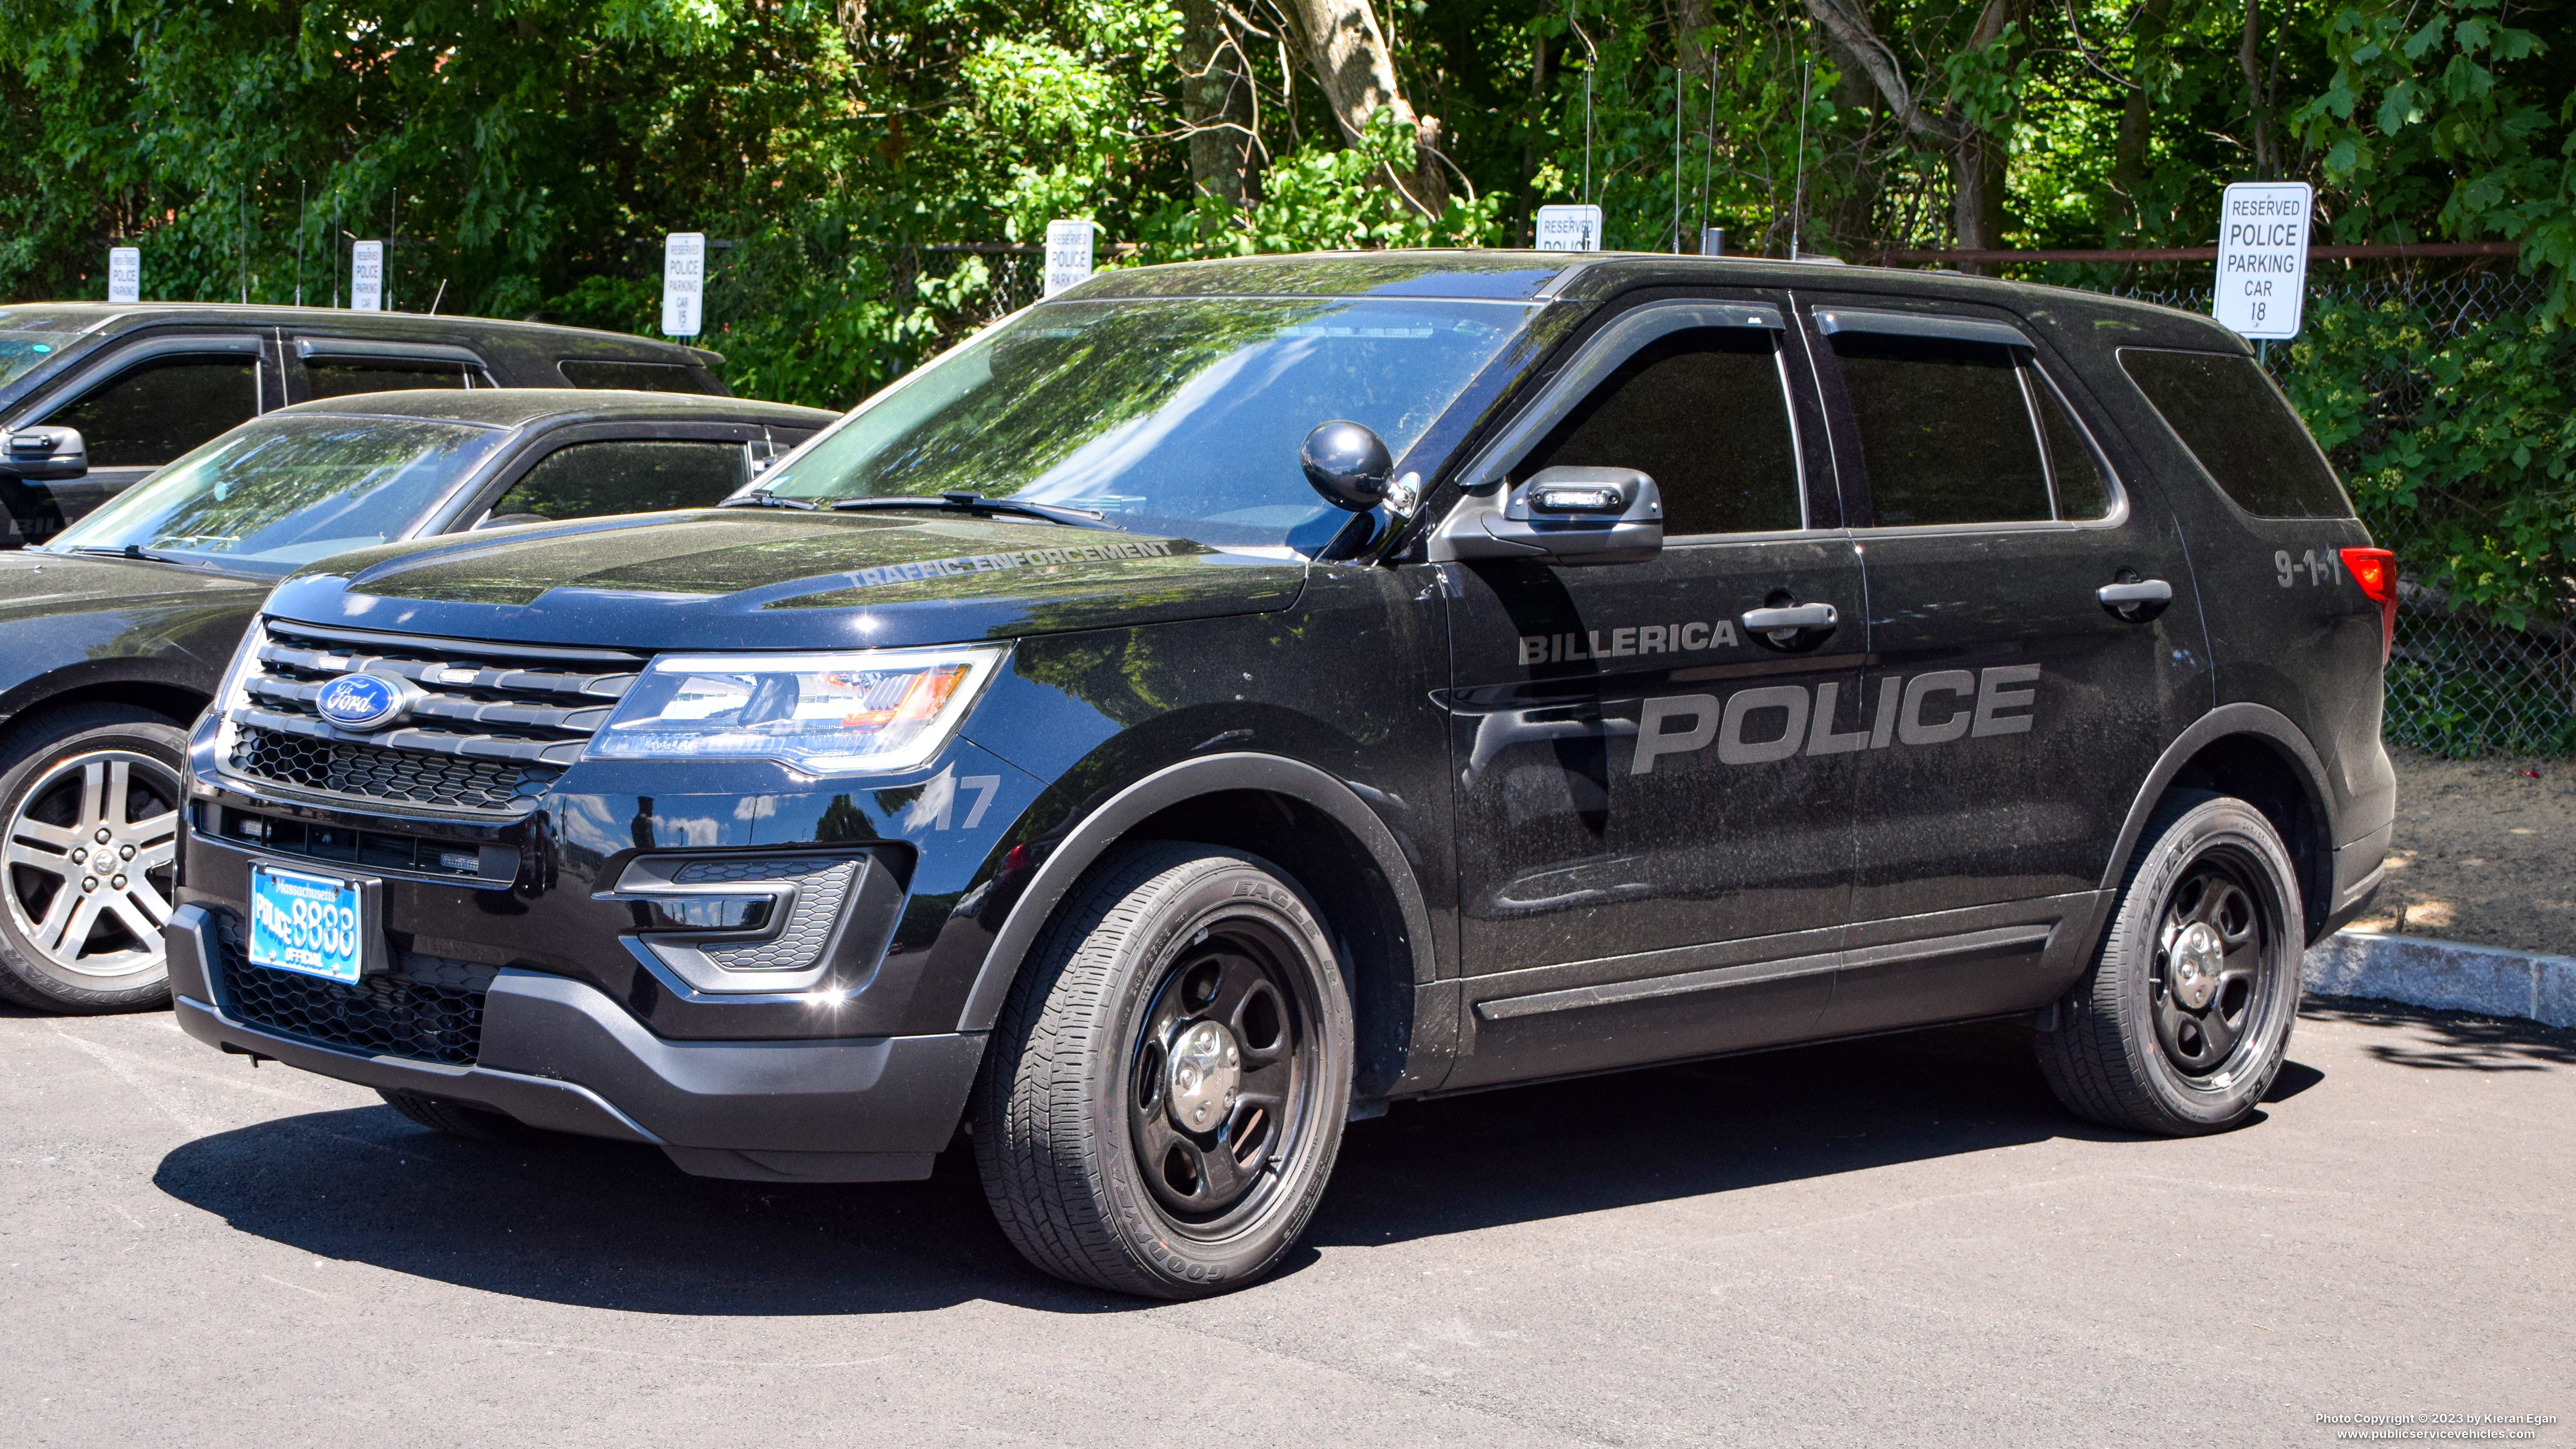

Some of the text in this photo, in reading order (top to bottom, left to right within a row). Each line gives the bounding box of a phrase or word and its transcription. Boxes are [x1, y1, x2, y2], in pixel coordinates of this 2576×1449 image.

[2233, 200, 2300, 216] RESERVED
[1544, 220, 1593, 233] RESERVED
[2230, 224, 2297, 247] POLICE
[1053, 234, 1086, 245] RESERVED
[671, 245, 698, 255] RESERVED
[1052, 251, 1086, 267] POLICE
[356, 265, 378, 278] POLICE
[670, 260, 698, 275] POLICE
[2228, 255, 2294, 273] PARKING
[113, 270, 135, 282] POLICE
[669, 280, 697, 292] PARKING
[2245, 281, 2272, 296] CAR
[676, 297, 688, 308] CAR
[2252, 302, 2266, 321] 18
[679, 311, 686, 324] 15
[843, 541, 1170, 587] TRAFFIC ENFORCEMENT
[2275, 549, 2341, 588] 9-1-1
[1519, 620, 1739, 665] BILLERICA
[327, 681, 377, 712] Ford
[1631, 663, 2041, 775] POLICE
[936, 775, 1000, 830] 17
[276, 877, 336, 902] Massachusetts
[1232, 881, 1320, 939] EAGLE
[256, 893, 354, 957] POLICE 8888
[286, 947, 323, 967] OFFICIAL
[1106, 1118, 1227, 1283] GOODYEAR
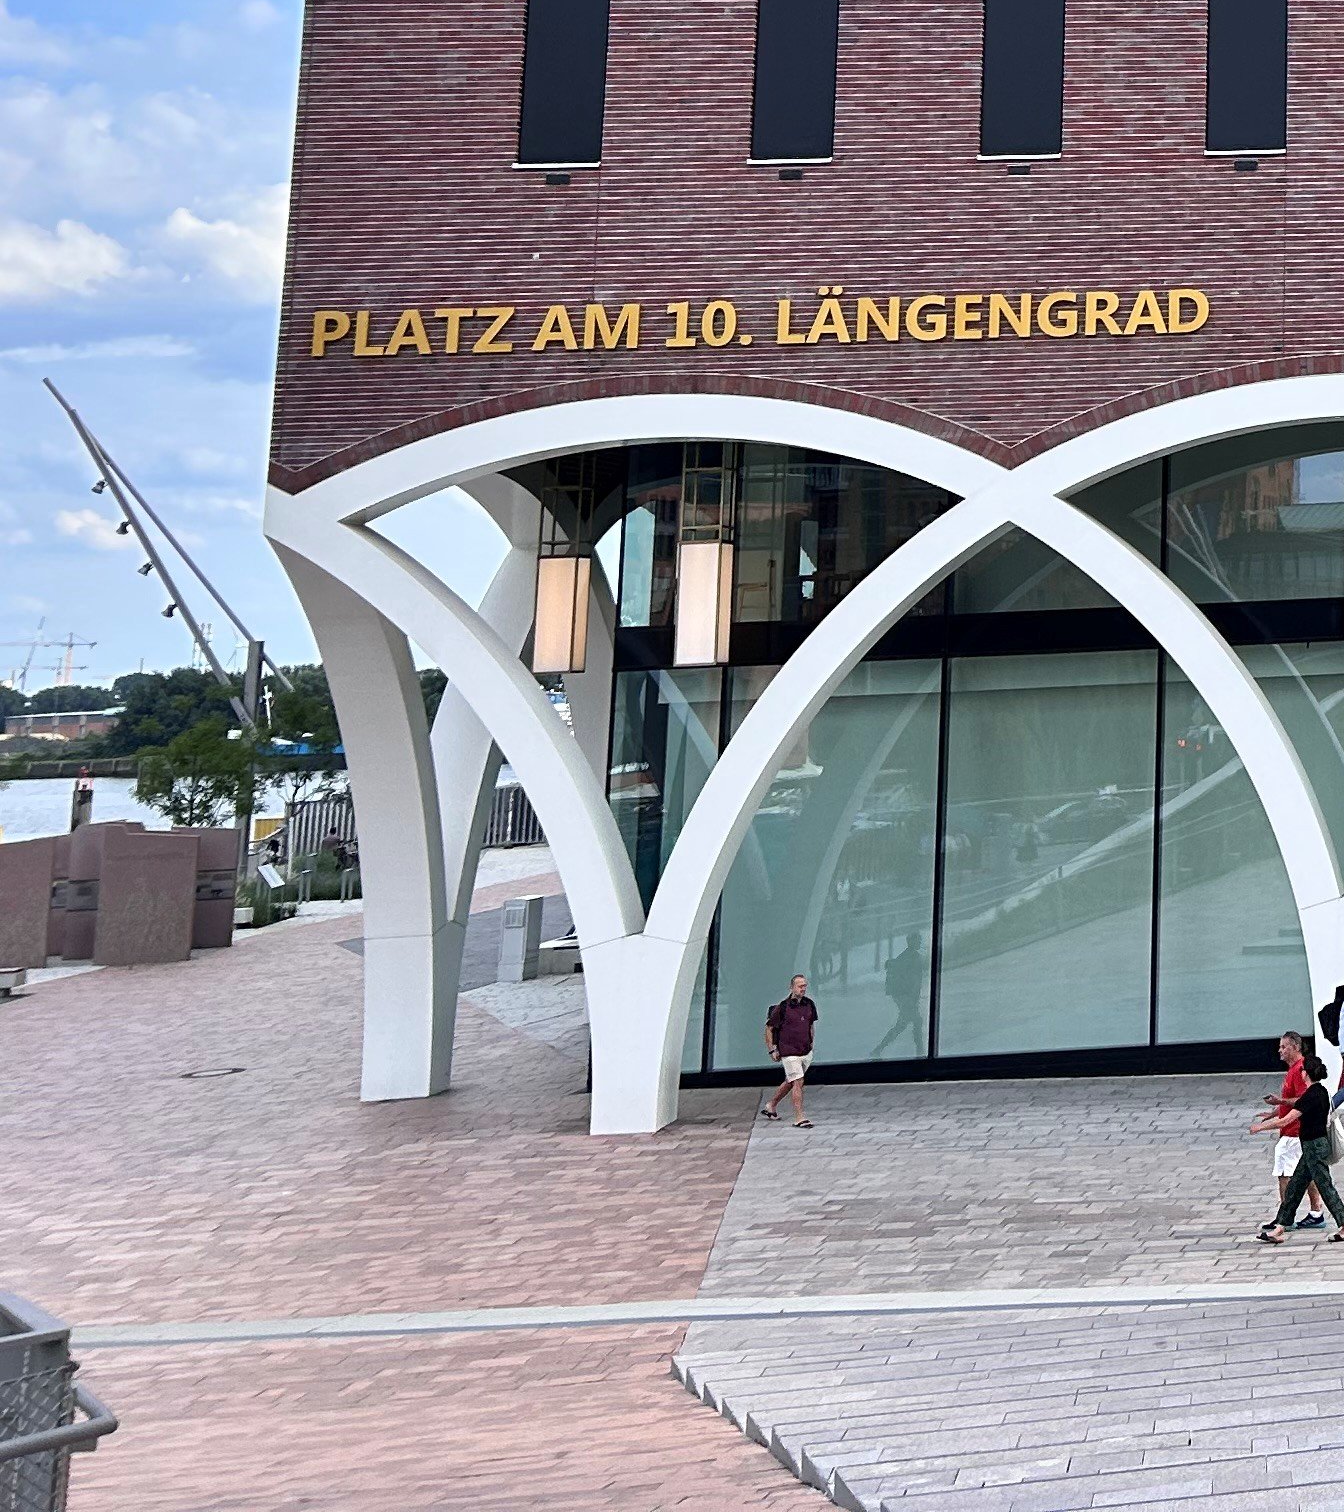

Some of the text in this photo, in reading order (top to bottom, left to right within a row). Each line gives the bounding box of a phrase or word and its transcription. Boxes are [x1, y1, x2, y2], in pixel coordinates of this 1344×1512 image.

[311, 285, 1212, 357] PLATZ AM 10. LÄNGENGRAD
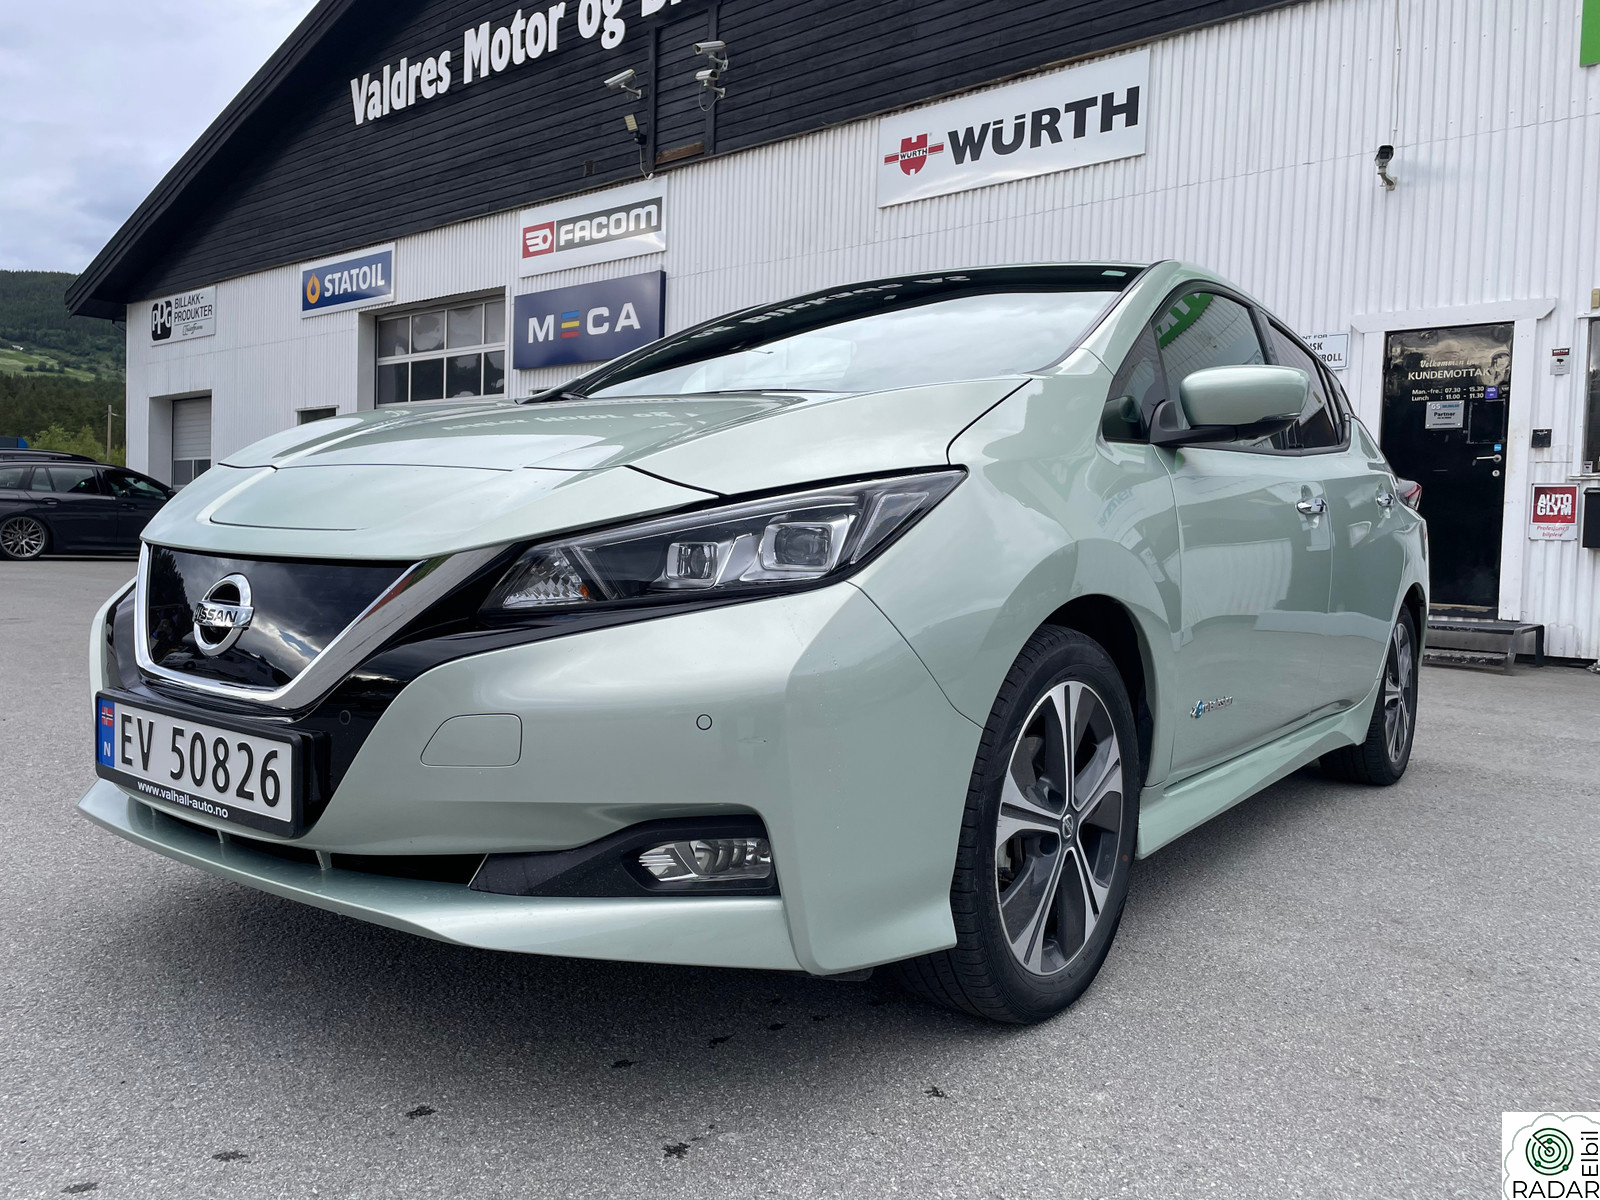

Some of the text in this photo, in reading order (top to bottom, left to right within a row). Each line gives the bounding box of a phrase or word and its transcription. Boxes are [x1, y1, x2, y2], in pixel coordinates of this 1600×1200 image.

* * * * * * *

Problem statement:
Produce the full material again verbatim, with the pictures dropped.

Response:
Some of the text in this photo, in reading order (top to bottom, left to right within a row). Each line gives the bounding box of a phrase or word and its transcription. Boxes are [x1, y1, x2, y2], in pixel coordinates of this 2576×1449 image.

[2233, 200, 2300, 216] RESERVED
[1544, 220, 1593, 233] RESERVED
[2230, 224, 2297, 247] POLICE
[1053, 234, 1086, 245] RESERVED
[671, 245, 698, 255] RESERVED
[1052, 251, 1086, 267] POLICE
[356, 265, 378, 278] POLICE
[670, 260, 698, 275] POLICE
[2228, 255, 2294, 273] PARKING
[113, 270, 135, 282] POLICE
[669, 280, 697, 292] PARKING
[2245, 281, 2272, 296] CAR
[676, 297, 688, 308] CAR
[2252, 302, 2266, 321] 18
[679, 311, 686, 324] 15
[843, 541, 1170, 587] TRAFFIC ENFORCEMENT
[2275, 549, 2341, 588] 9-1-1
[1519, 620, 1739, 665] BILLERICA
[327, 681, 377, 712] Ford
[1631, 663, 2041, 775] POLICE
[936, 775, 1000, 830] 17
[276, 877, 336, 902] Massachusetts
[1232, 881, 1320, 939] EAGLE
[256, 893, 354, 957] POLICE 8888
[286, 947, 323, 967] OFFICIAL
[1106, 1118, 1227, 1283] GOODYEAR

Some of the text in this photo, in reading order (top to bottom, left to right within a row). Each line gives the bounding box of a phrase or word and its transcription. Boxes are [x1, y1, x2, y2], in pixel coordinates of this 1344×1512 image.

[311, 285, 1212, 357] PLATZ AM 10. LÄNGENGRAD

Some of the text in this photo, in reading order (top to bottom, left to right within a row). Each line gives the bounding box of a phrase or word and its transcription. Boxes are [x1, y1, x2, y2], in pixel coordinates of this 1600×1200 image.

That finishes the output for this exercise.